Valentine Efner (Also spelled Effner) (May 5, 1776 – November 20, 1865) was an American soldier, Farmer, and congressmen who served the U.S. Representative from New York for one term from 1835 to 1837.

==Early life==
Efner was born in Blenheim Hill to a German immigrant named Henderich Effner and his wife Margarieta Teator, near Blenheim, New York. He learned farming at an early age, preparing for a life of farming. Efner then completed preparatory studies and became a farmer. He decided to served in local offices, including justice of the peace.

=== War of 1812 ===
Efner was a major in the New York Militia during the War of 1812. He served at notable battles like Queenston heights and Plattsburgh, eventually being promoted to the rank of lieutenant colonel and second in command of the militia's 104th Regiment.

=== Politics ===
He served as member of the New York State Assembly in 1829.

=== Congress ===
Efner was elected as a Jacksonian to the Twenty-fourth Congress (March 4, 1835 – March 3, 1837).
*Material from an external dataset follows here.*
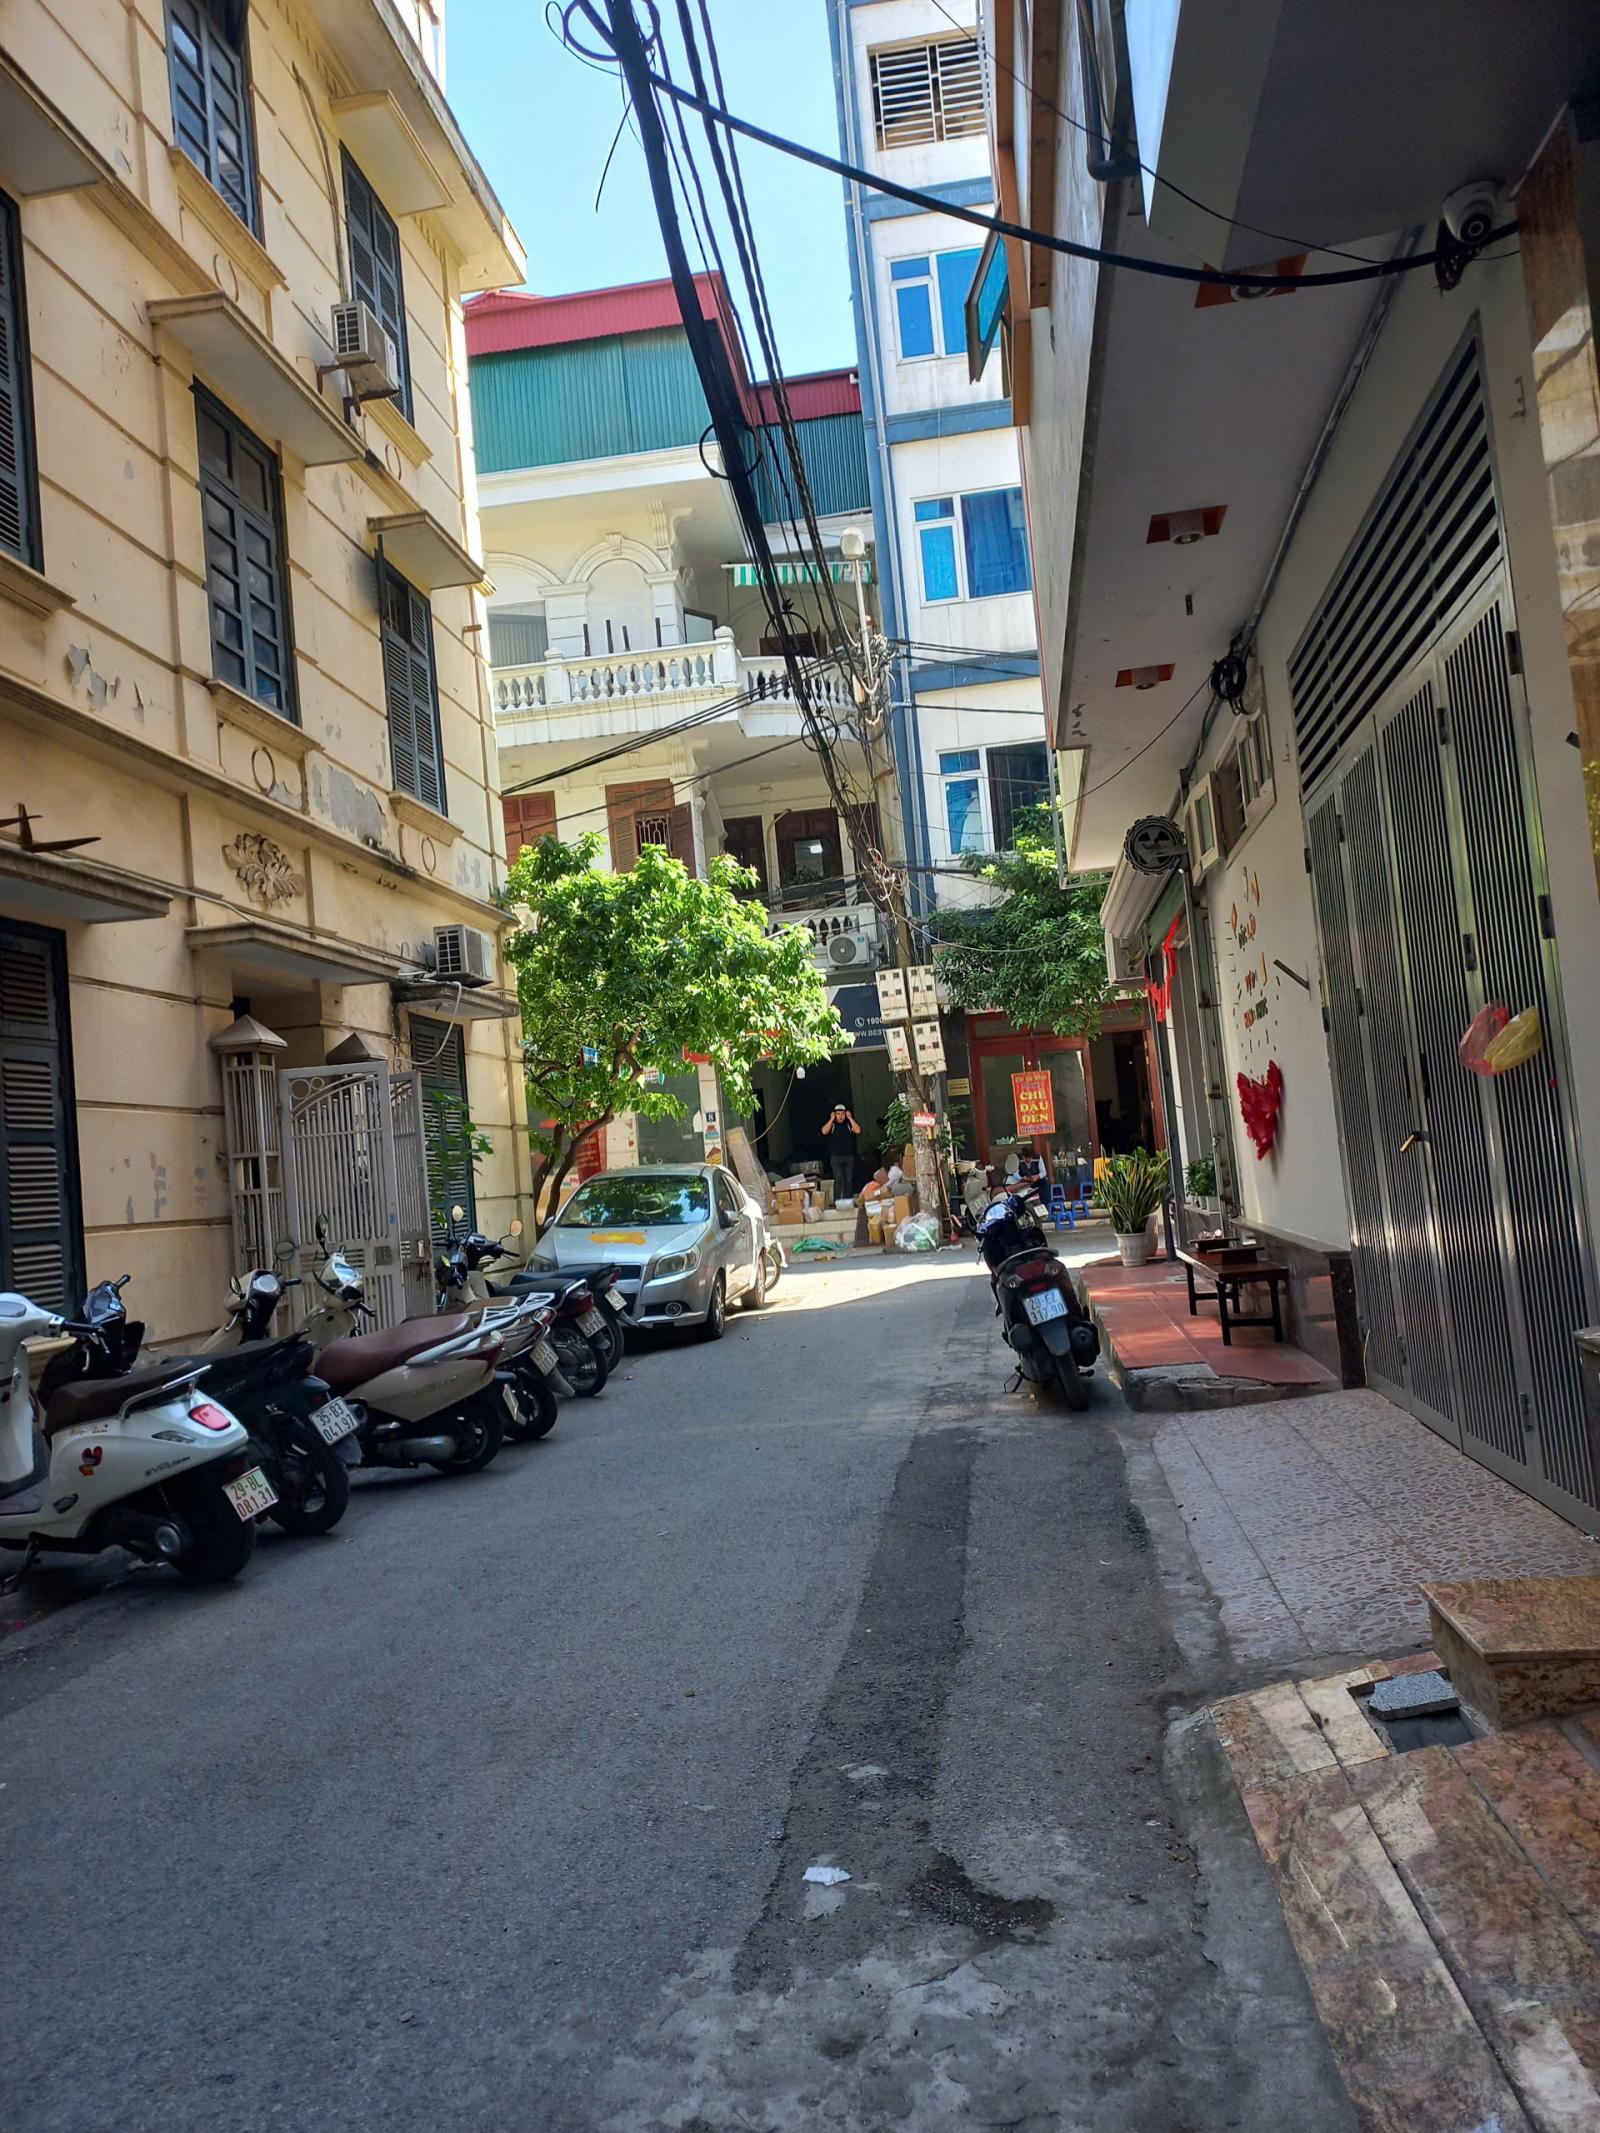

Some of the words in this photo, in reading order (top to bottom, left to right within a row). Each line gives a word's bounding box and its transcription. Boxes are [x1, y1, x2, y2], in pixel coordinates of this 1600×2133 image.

During his term, Efner missed 203 out of 459 roll call votes, missing about 44.2%. This is way above the median of 21.0%, average for the time.
He did not run for reelection in 1836, and decided to return to farming.

== Death ==
He died in Blenheim Hill on November 20, 1865, at the age of 89, and he is buried at Blenheim Hill Cemetery.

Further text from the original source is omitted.